» **How to complete this task**: Exact copy without images: repeat every entry as written.

-*-*-

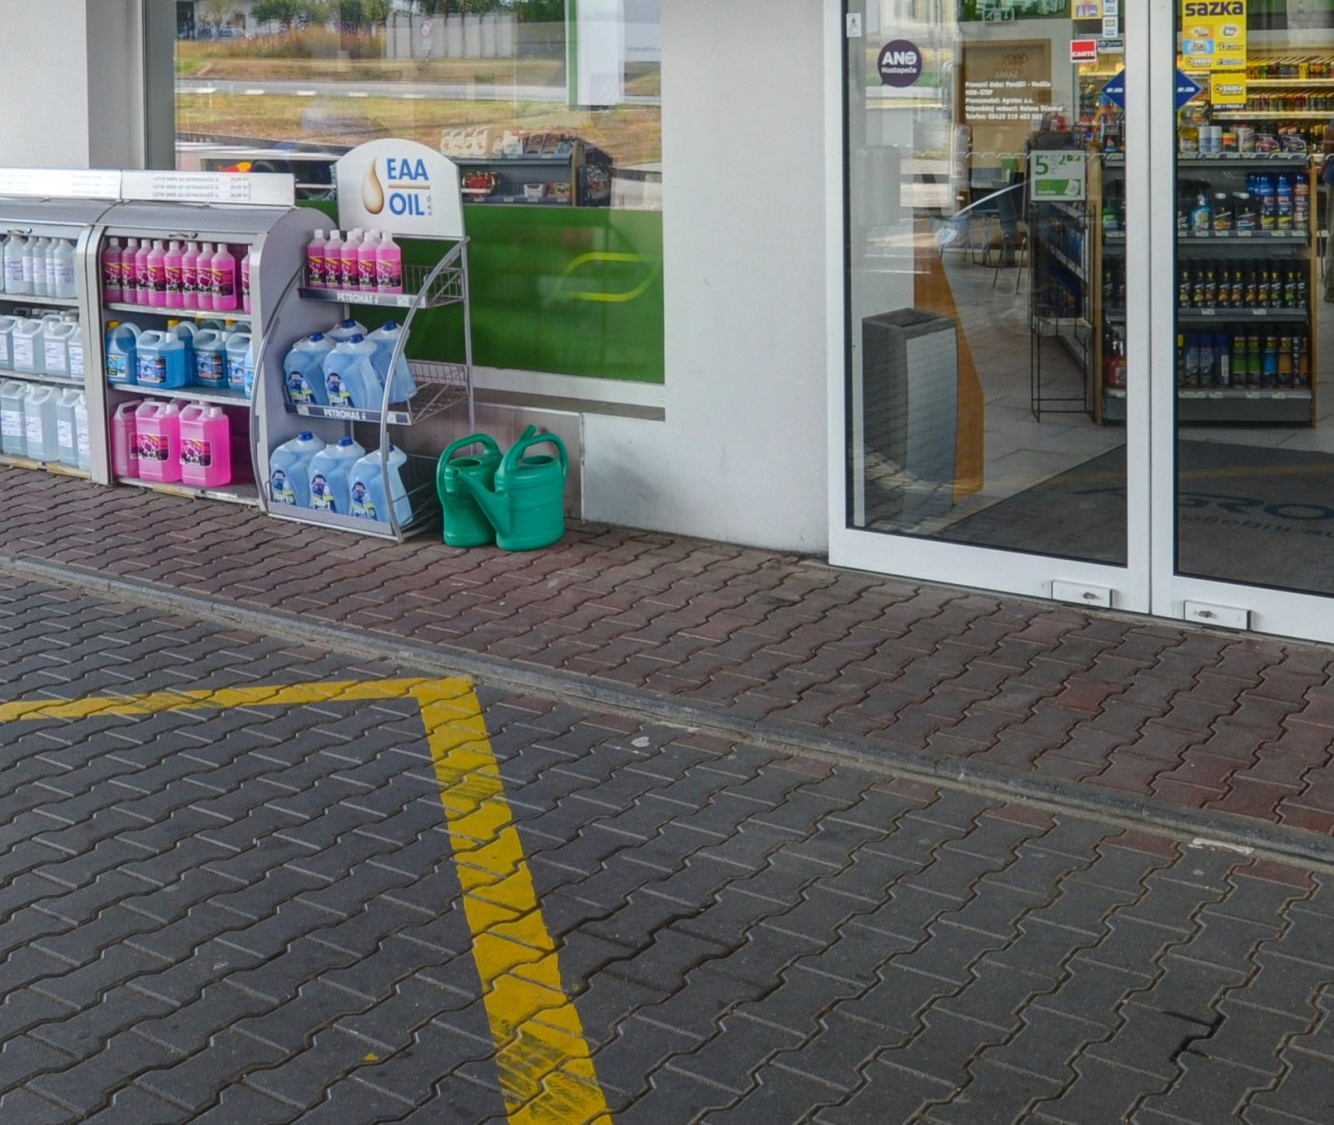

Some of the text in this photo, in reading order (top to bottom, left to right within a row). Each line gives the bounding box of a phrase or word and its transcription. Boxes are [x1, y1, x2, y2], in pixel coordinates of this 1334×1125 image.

[882, 51, 917, 65] ANO
[881, 66, 917, 75] Hustopeče
[387, 158, 428, 180] EAA
[389, 192, 424, 216] OIL
[337, 292, 373, 304] PETRONAS
[323, 408, 360, 421] PETRONAS
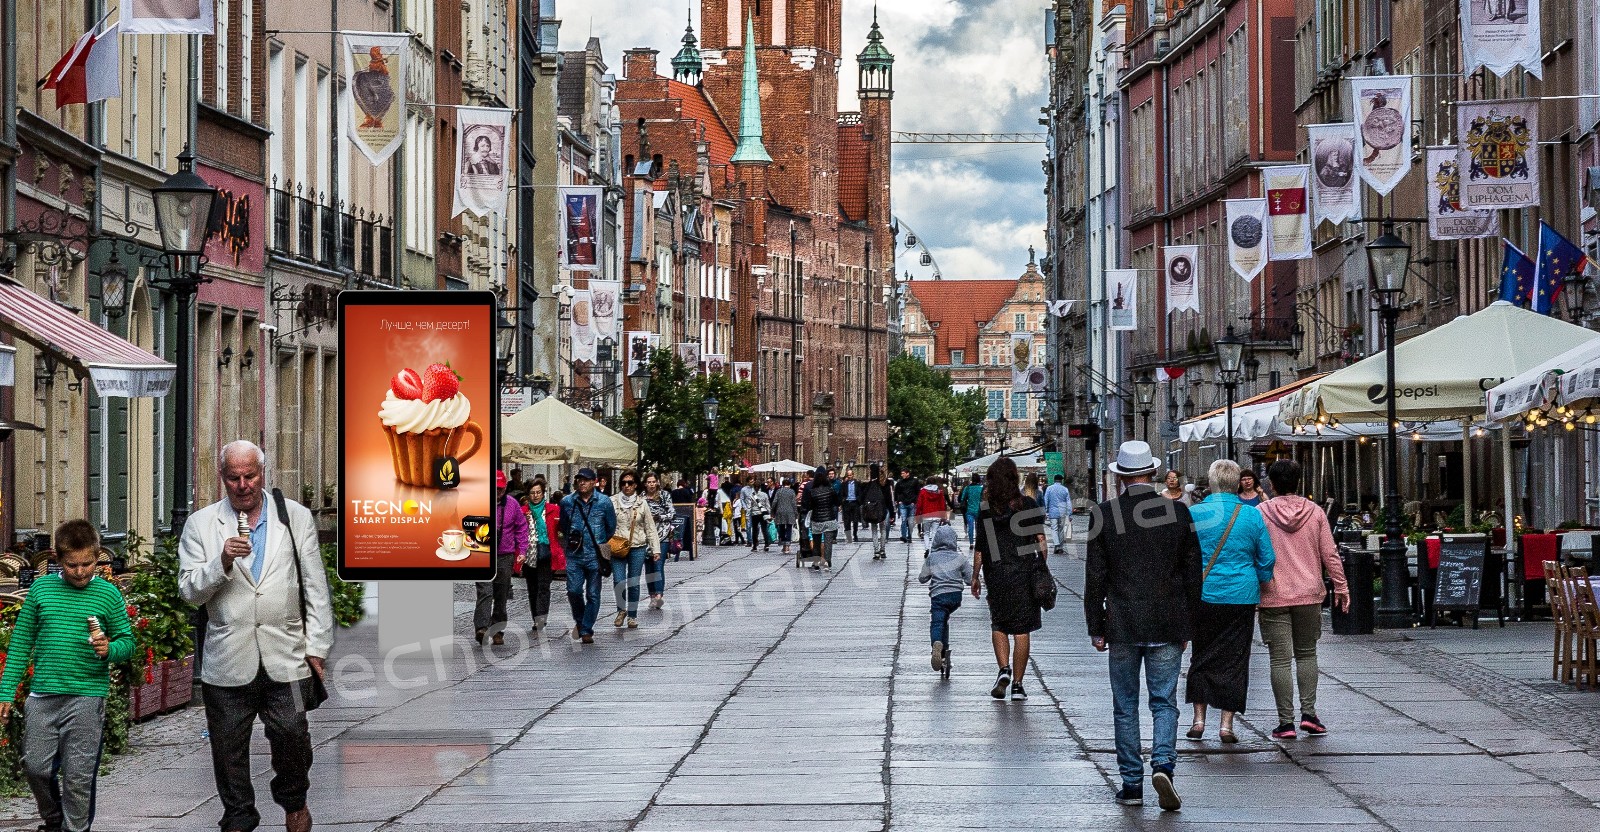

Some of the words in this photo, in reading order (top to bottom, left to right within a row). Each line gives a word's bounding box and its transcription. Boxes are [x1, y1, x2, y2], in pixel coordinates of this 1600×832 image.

[1486, 185, 1514, 195] DOM
[1469, 194, 1531, 204] UPHAGENA
[380, 319, 414, 331] Лучше,
[415, 321, 434, 330] чем
[435, 319, 470, 331] десерт!
[1394, 384, 1438, 400] pepsi
[351, 499, 432, 515] TECNON
[353, 516, 387, 524] SMART
[390, 516, 431, 524] DISPLAY
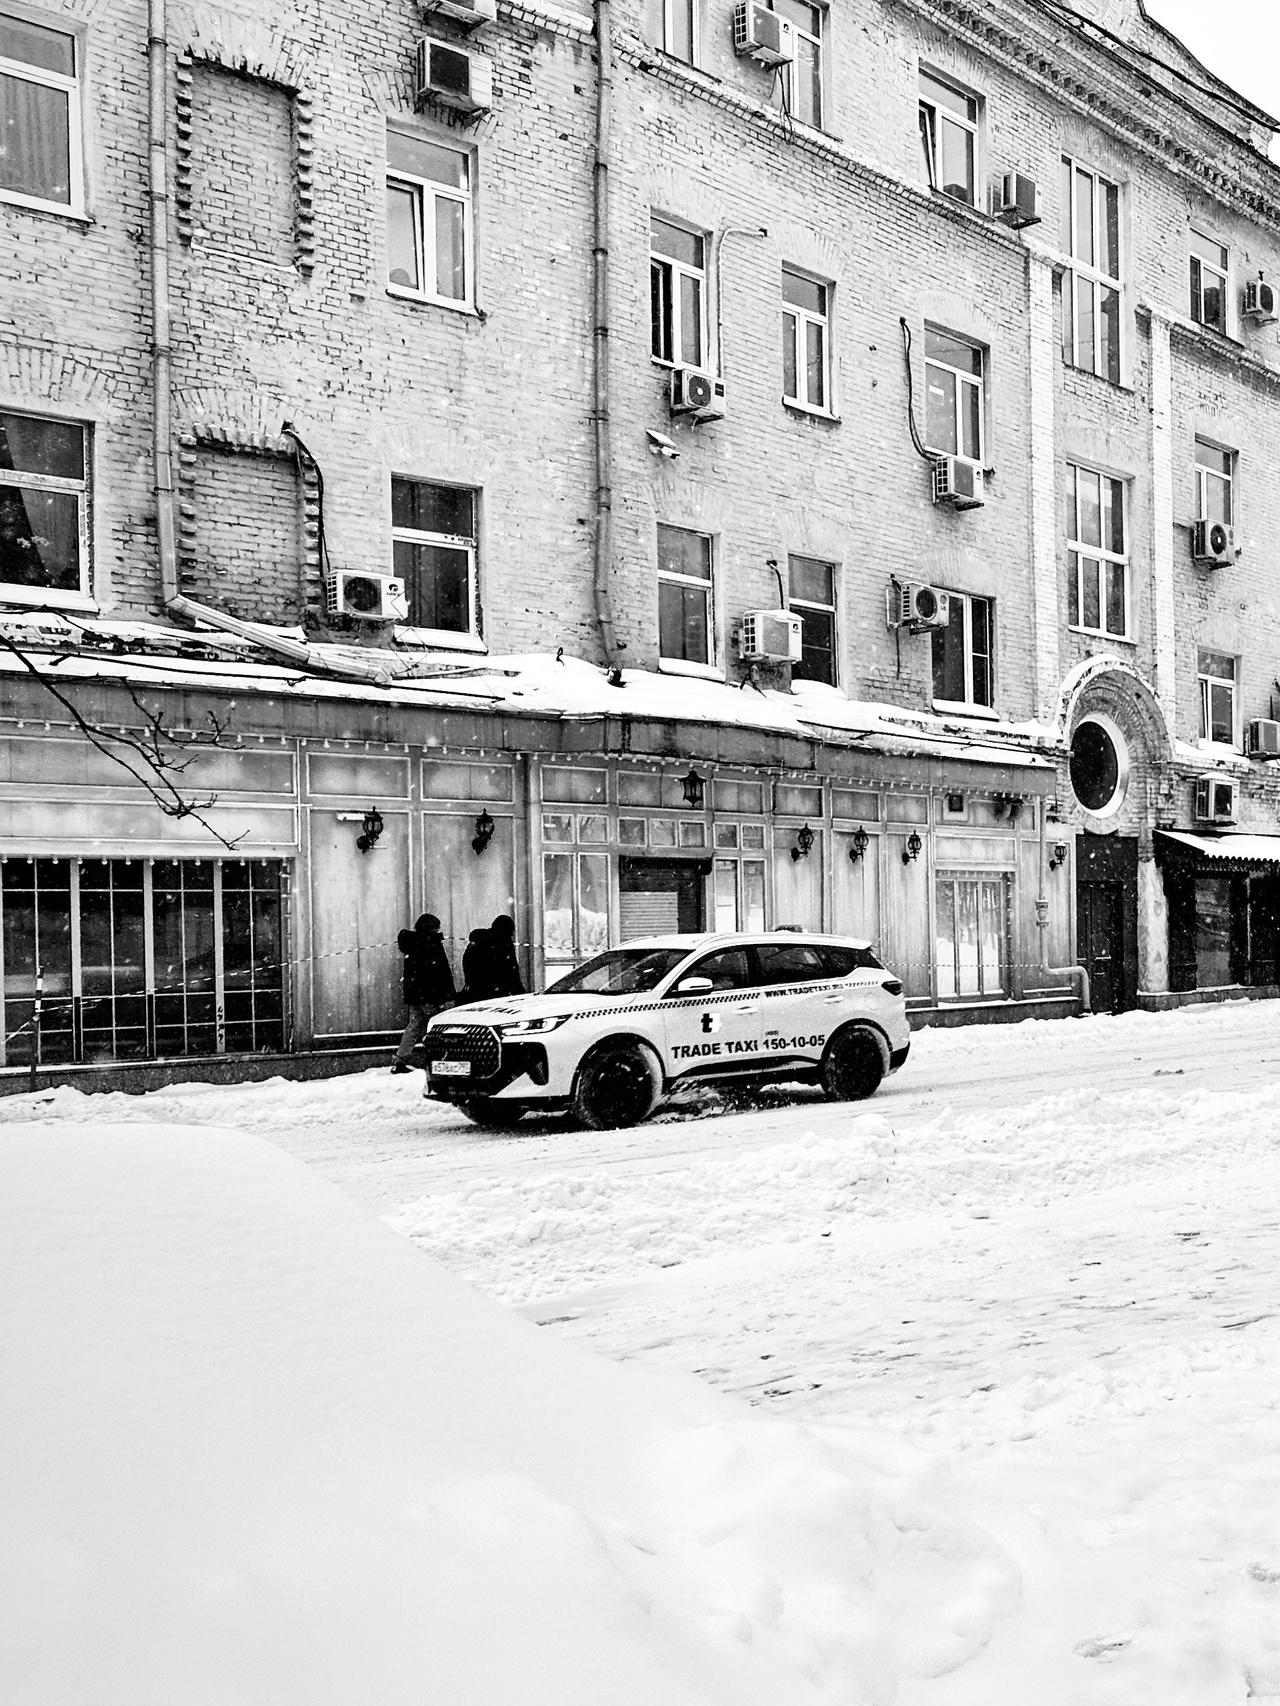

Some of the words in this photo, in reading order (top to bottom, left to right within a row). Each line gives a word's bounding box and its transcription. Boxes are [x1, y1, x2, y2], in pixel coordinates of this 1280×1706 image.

[671, 1043, 721, 1059] TRADE
[725, 1040, 758, 1053] TAXI
[763, 1035, 825, 1050] 150-10-05
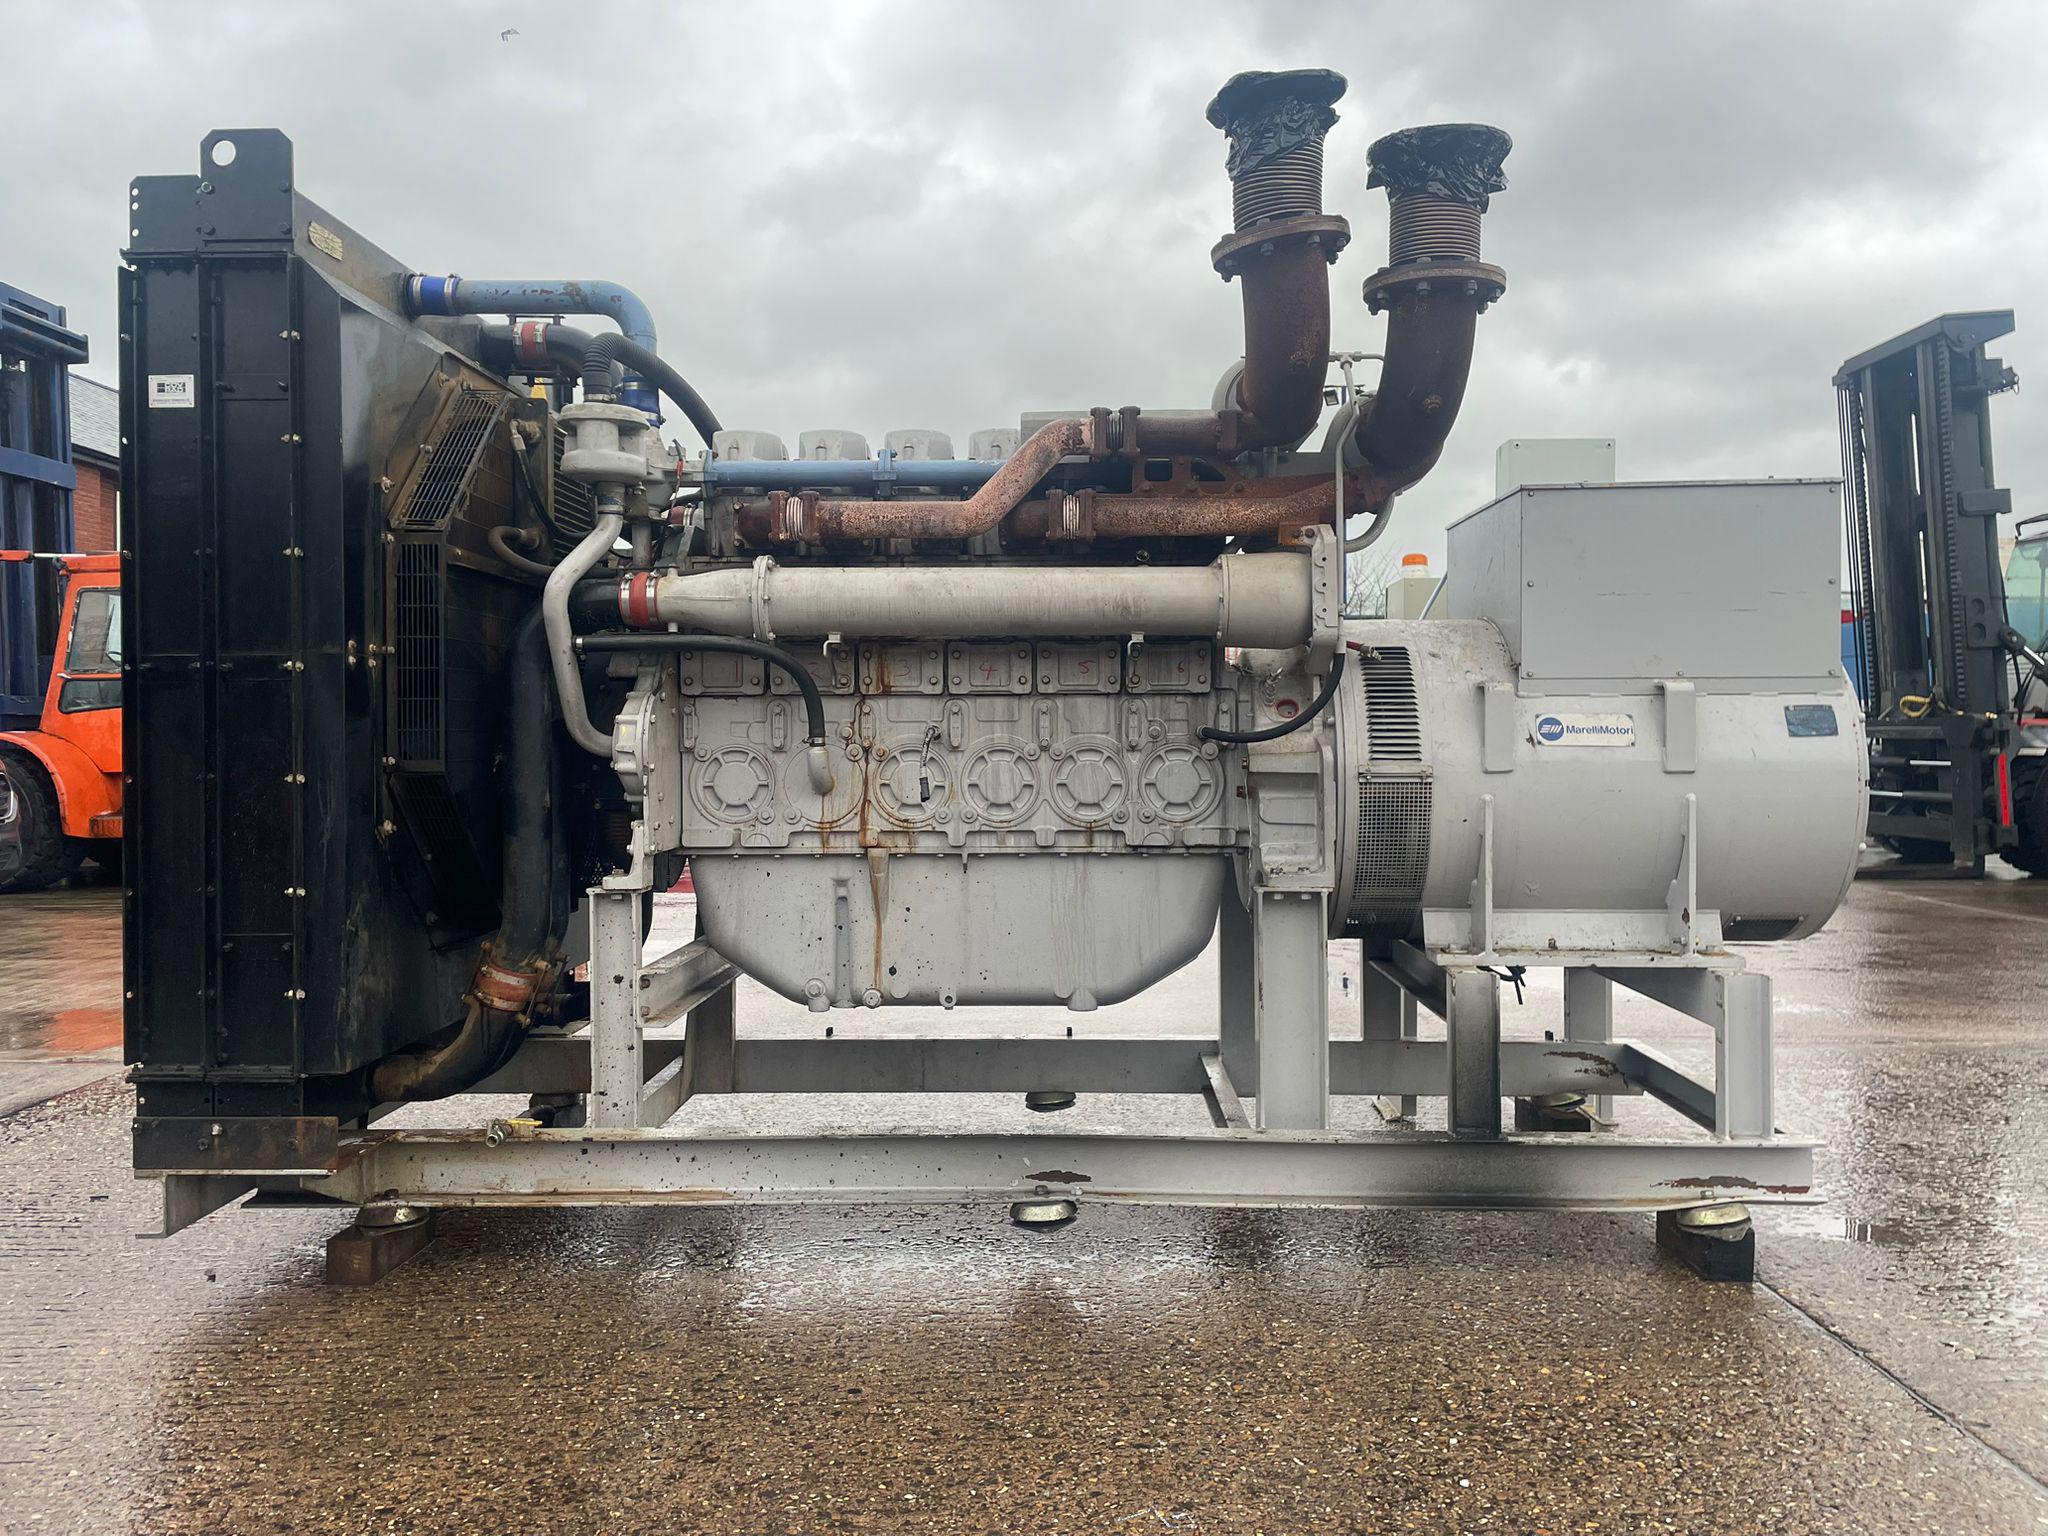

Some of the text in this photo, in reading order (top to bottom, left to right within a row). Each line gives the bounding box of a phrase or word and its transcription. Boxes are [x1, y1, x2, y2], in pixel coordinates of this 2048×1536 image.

-*-*-

» **Response box**:
Some of the text in this photo, in reading order (top to bottom, left to right within a row). Each line gives the bounding box of a phrase or word and its transcription. Boxes are [x1, y1, x2, y2], in pixel coordinates of this 1334×1125 image.

[882, 51, 917, 65] ANO
[881, 66, 917, 75] Hustopeče
[387, 158, 428, 180] EAA
[389, 192, 424, 216] OIL
[337, 292, 373, 304] PETRONAS
[323, 408, 360, 421] PETRONAS

Some of the words in this photo, in reading order (top to bottom, left to right within a row). Each line gives a word's bounding box and its transcription. Boxes are [x1, y1, x2, y2], in pixel coordinates of this 1600×832 image.

[1486, 185, 1514, 195] DOM
[1469, 194, 1531, 204] UPHAGENA
[380, 319, 414, 331] Лучше,
[415, 321, 434, 330] чем
[435, 319, 470, 331] десерт!
[1394, 384, 1438, 400] pepsi
[351, 499, 432, 515] TECNON
[353, 516, 387, 524] SMART
[390, 516, 431, 524] DISPLAY

Some of the words in this photo, in reading order (top to bottom, left to right within a row). Each line gives a word's bounding box and its transcription. Boxes are [x1, y1, x2, y2], in pixel coordinates of this 1280×1706 image.

[671, 1043, 721, 1059] TRADE
[725, 1040, 758, 1053] TAXI
[763, 1035, 825, 1050] 150-10-05

Some of the text in this photo, in reading order (top to bottom, left to right within a row). Each line gives the bounding box of a phrase or word and its transcription. Boxes are [x1, y1, x2, y2], in pixel coordinates of this 2048×1536 image.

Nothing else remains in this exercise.